Montceau – Au Aillot blues, le temps file doux

C’est facile, trop facile, too much mais quand on parle du bleues, même au musée du camion à Montceau-les-Mines, cette musique que j’aime, elle vient de là, elle vient du blues. On referme la parenthèse.

Encore que, imaginons, quitte à passer pour un fou, mais là, avec des tiags recouvertes de cette poussière qui respire l’huile et le pneu, ces banquettes qui reniflent la transpiration, ce verre de whisky à l’ombre d’une bouteille en fleur et, sur scène, Nasser Ben Dadoo, sa guitare, son timbre, son blues du côté nord de Marseille et ce put… de Johnny, sa gueule, sa gratte… Invraisemblable ! Drôle de rencontre dans un drôle d’endroit.

L’incroyable, l’improbable, c’est aussi la marque de fabrique du Baraillot avec des connexions que seule la musique est capable de maîtriser dans la plus grande improvisation.
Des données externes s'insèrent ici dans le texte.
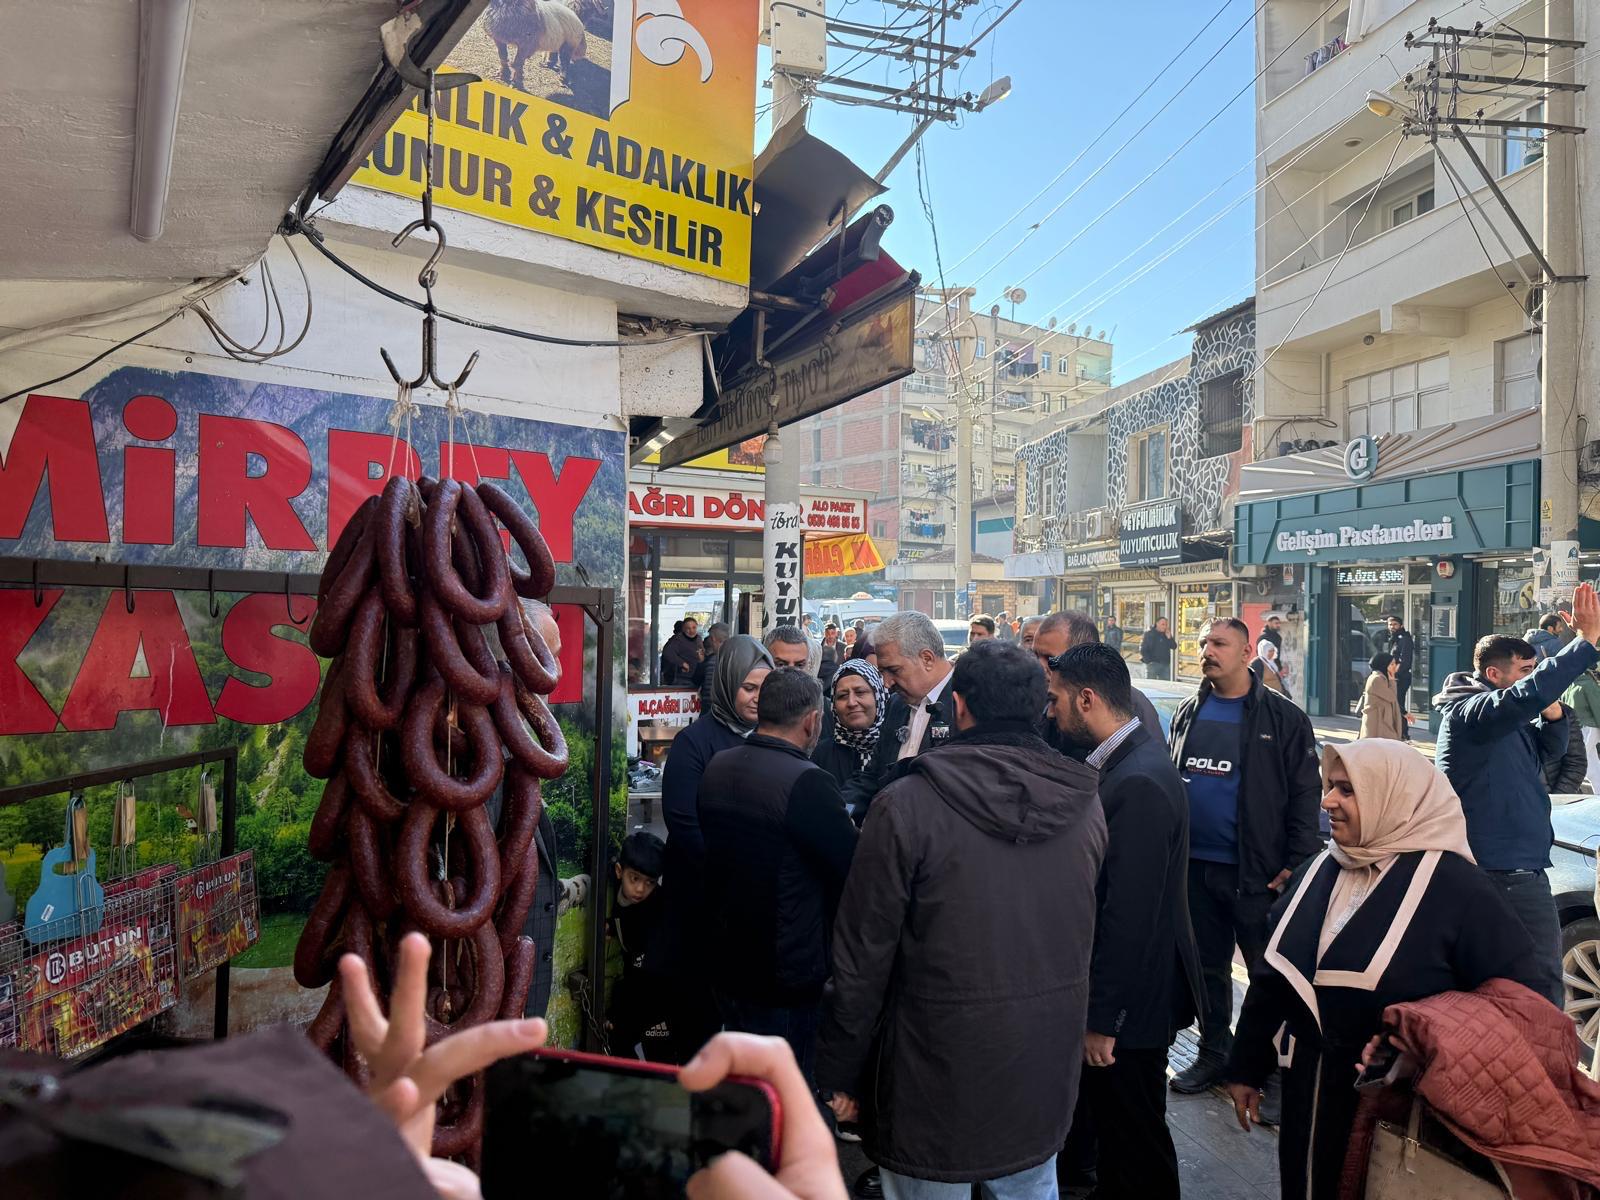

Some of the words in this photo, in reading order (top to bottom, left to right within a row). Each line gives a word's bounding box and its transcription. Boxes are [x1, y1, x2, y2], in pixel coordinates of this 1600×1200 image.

[404, 84, 528, 146] NLIK
[541, 113, 573, 159] &
[587, 128, 752, 215] ADAKLIK
[528, 174, 560, 221] &
[812, 501, 829, 512] ALO
[830, 502, 855, 513] PAKET
[1276, 529, 1339, 556] Gelişim
[1339, 516, 1454, 548] Pastaneleri
[1067, 553, 1087, 567] BAĞLAR
[1185, 757, 1232, 772] POLO
C’est le propre des musiciens.

Nasser Ben Dadoo, blues man, quand bien même a-t-il accompagné en première partie les lectures musicales du GLA, s’imaginait revenir seul. Et puis, on ne sait par quel enchantement, Alex Legal, de la Mère en Gueule avec son violon, est venu taper le boeuf. Les blues men sont sympas.

Au fil du blues, au fil de l’eau, au fil des rencontres, au fil des textes, le temps file. Le printemps file doux à l’usine Aillot.